The President spoke about the United States’ obligation to respond to the threat posed by ISIL. The fact is – there is no good option. The Middle East is a quagmire of religious strife. Regardless of what the US does; how many military die; how much it cost; there is no good, lasting solution. The Sunni and Shia Muslims have been at blood war for over a thousand years, and nothing the US can do will change that.
Colon Powell told the Bush administration that ‘if we break it we will own it.’ And, we broke it.
Saddam Hussein maintained a balance of power throughout the Middle East and when the US invaded Iraq and removed Saddam it unleashed the sand storm of ethnic violence.
Even though we were the initial cause of the problem with our Nation Building, defeating ISIL should not be our responsibility. The neighboring Shiite countries endangered by ISIL have the primary responsibility to band together and confront their mutual enemy. But it is not likely they will act when they can wait on the United States to step in and expend its wealth and manpower to confront their enemy?
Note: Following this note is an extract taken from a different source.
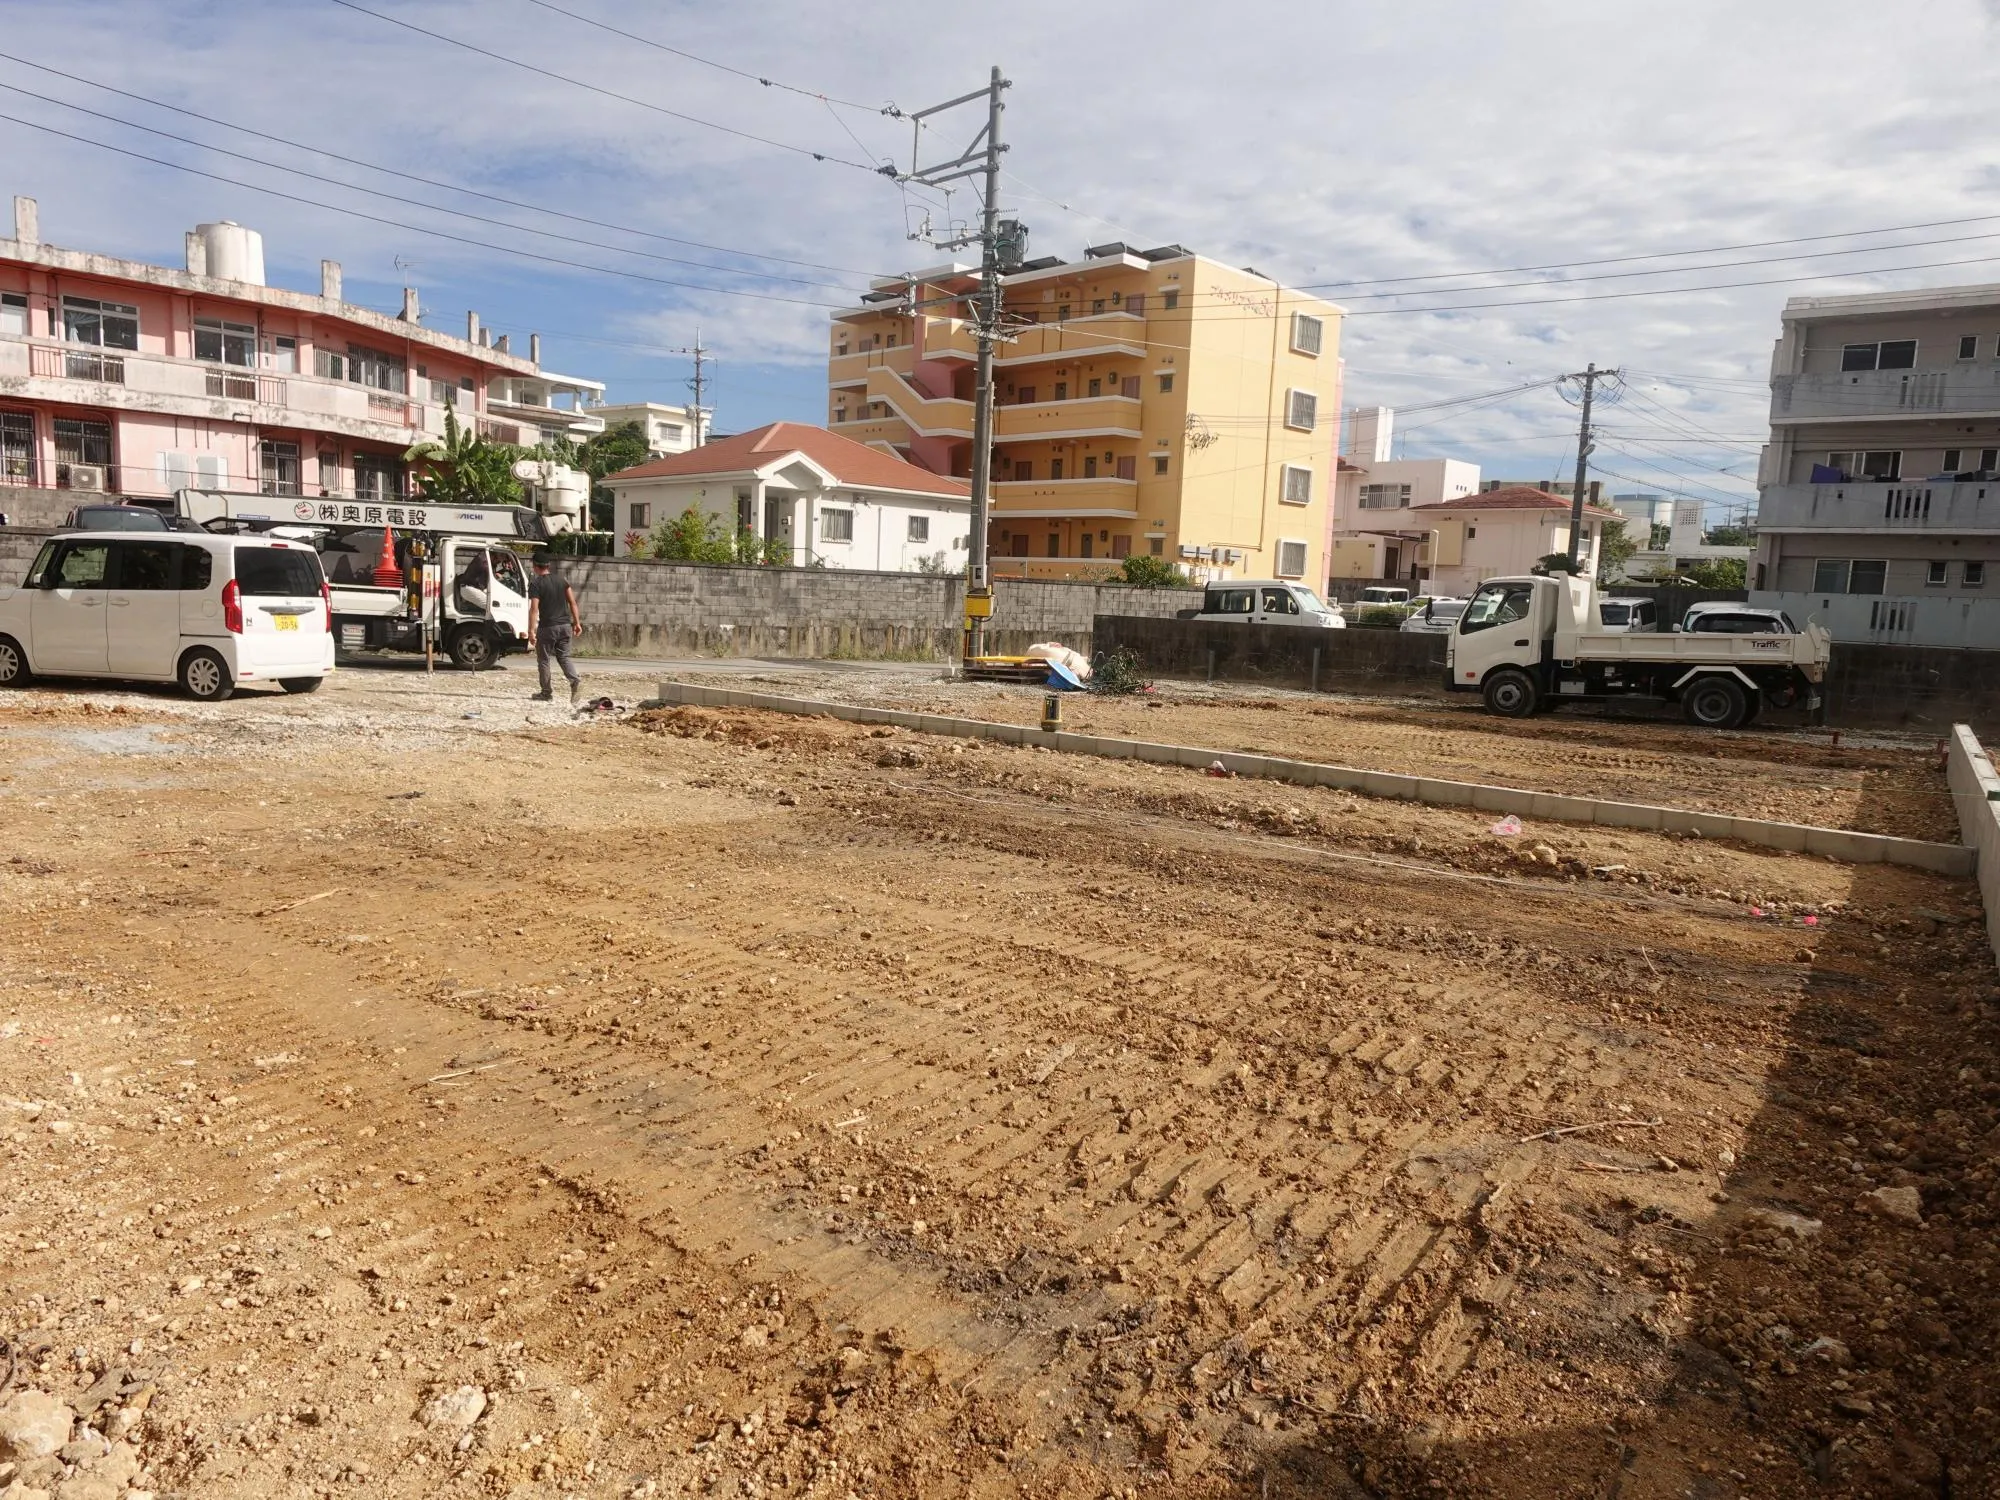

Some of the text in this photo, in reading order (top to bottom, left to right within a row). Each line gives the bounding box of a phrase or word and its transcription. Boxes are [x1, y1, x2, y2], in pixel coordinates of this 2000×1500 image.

[318, 504, 427, 527] (株)奥原電設
[1751, 640, 1781, 649] Traffic
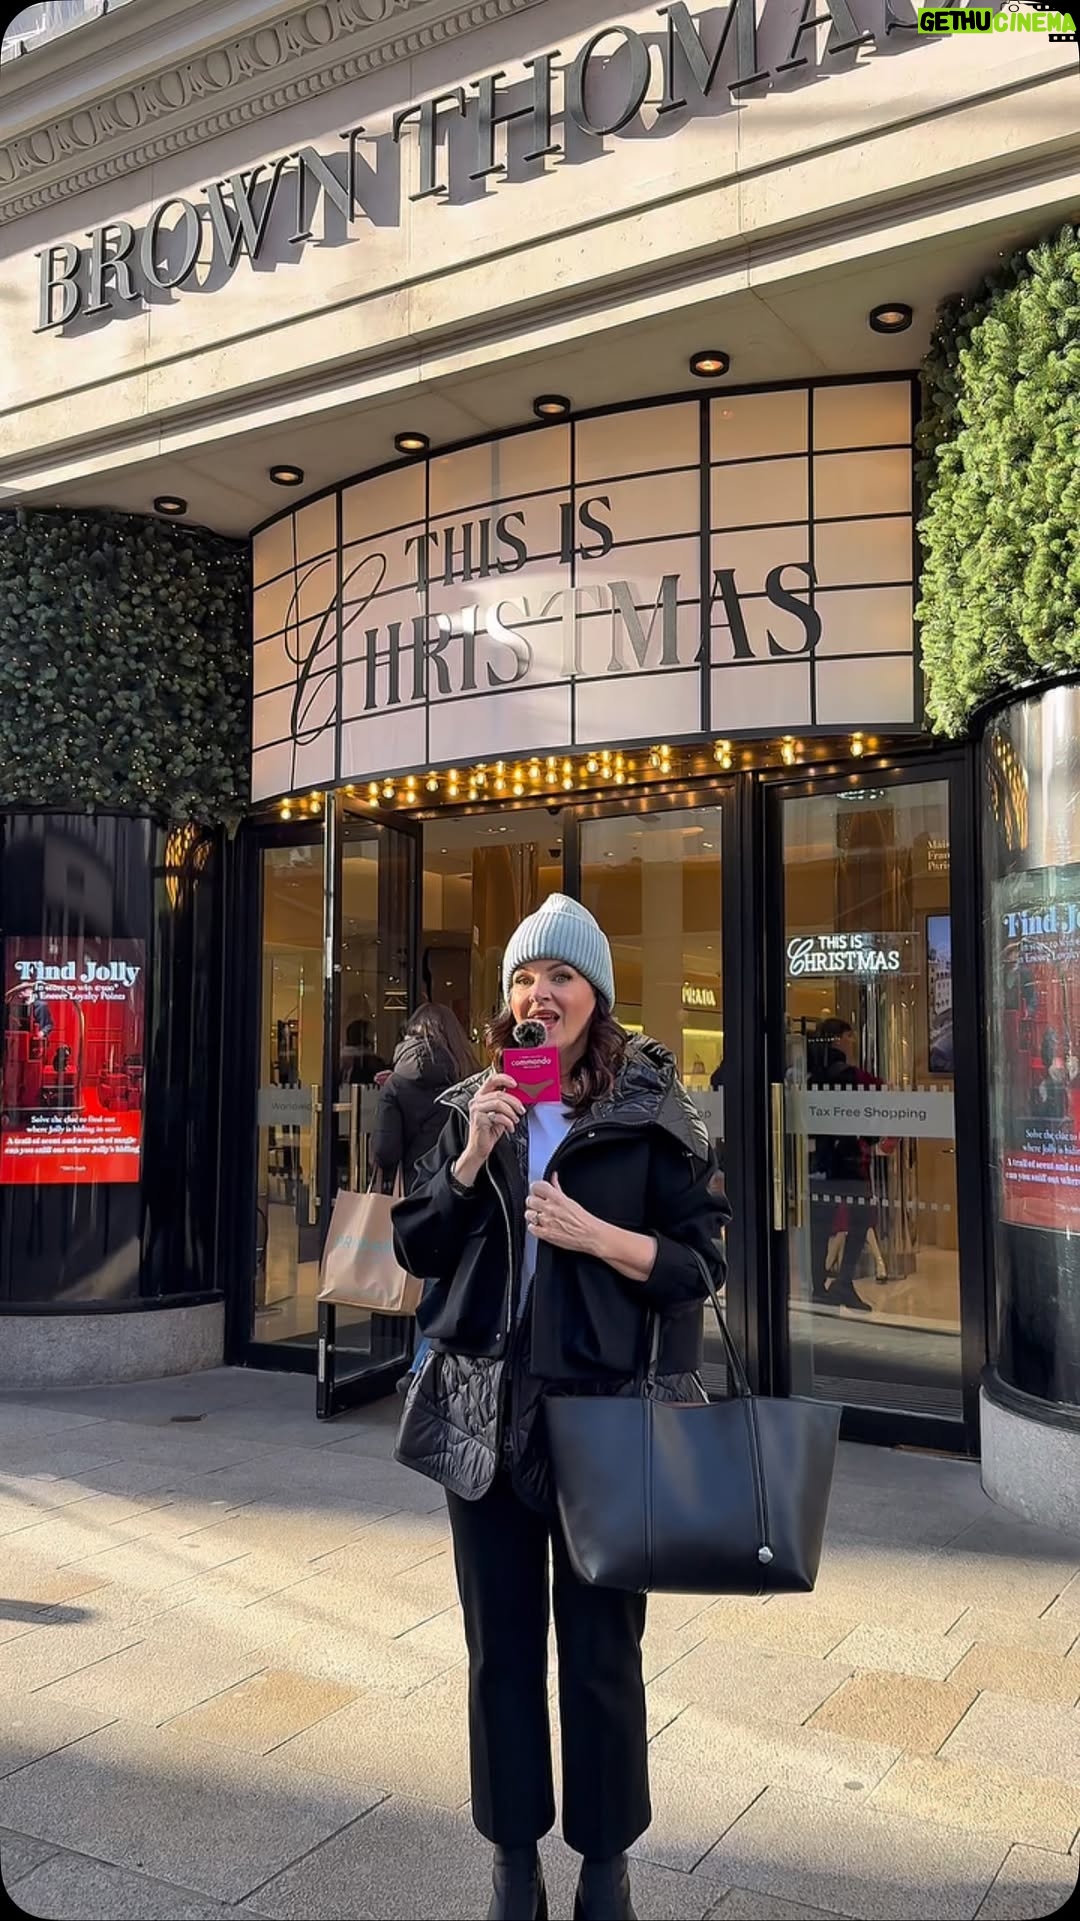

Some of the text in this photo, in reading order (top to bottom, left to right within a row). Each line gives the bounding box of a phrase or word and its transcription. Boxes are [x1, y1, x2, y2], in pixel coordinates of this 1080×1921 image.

The US has no loyal allies in the Middle East. No Muslim country will align itself with what, in the Middle East, is viewed as a Christian nation and the Great Satan. They will gladly accept foreign aid and military aid, but they can never be counted on as a staunch ally.
Saudi Arabia is a perfect example. They overtly align themselves with the US. Saudis work with the US to stabilize oil prices; they depend on the US to protect oil shipments in the Persian Gulf; they hold major investments in US companies; they have the fourth largest group of international students studying in the United States; many of their military officers are trained in the United States; and they have made huge purchase of high tech US military equipment.
In return Saudi Arabia has opposed the State of Israel; they have joined in oil embargoes against the US; they opposed the invasion of Iraq; 15 of the 19 hijackers that attacked the Twin Towers were Saudis; and, according to the US State Department wealthy Saudi donors constitute the most significant source of funding for Sunni terrorist groups – including ISIL.
We must ask ourselves: Does ISIL pose a threat to the United States? And the answer, of course, is ambiguous: ISLIL does not pose an immediate threat to the United States, but may in the future; however, it poses a present and immediate threat to the surrounding Shia nations in the Middle East – yet they choose not to act militarily.
So what do we do? We are damned if we do and damned if we don’t.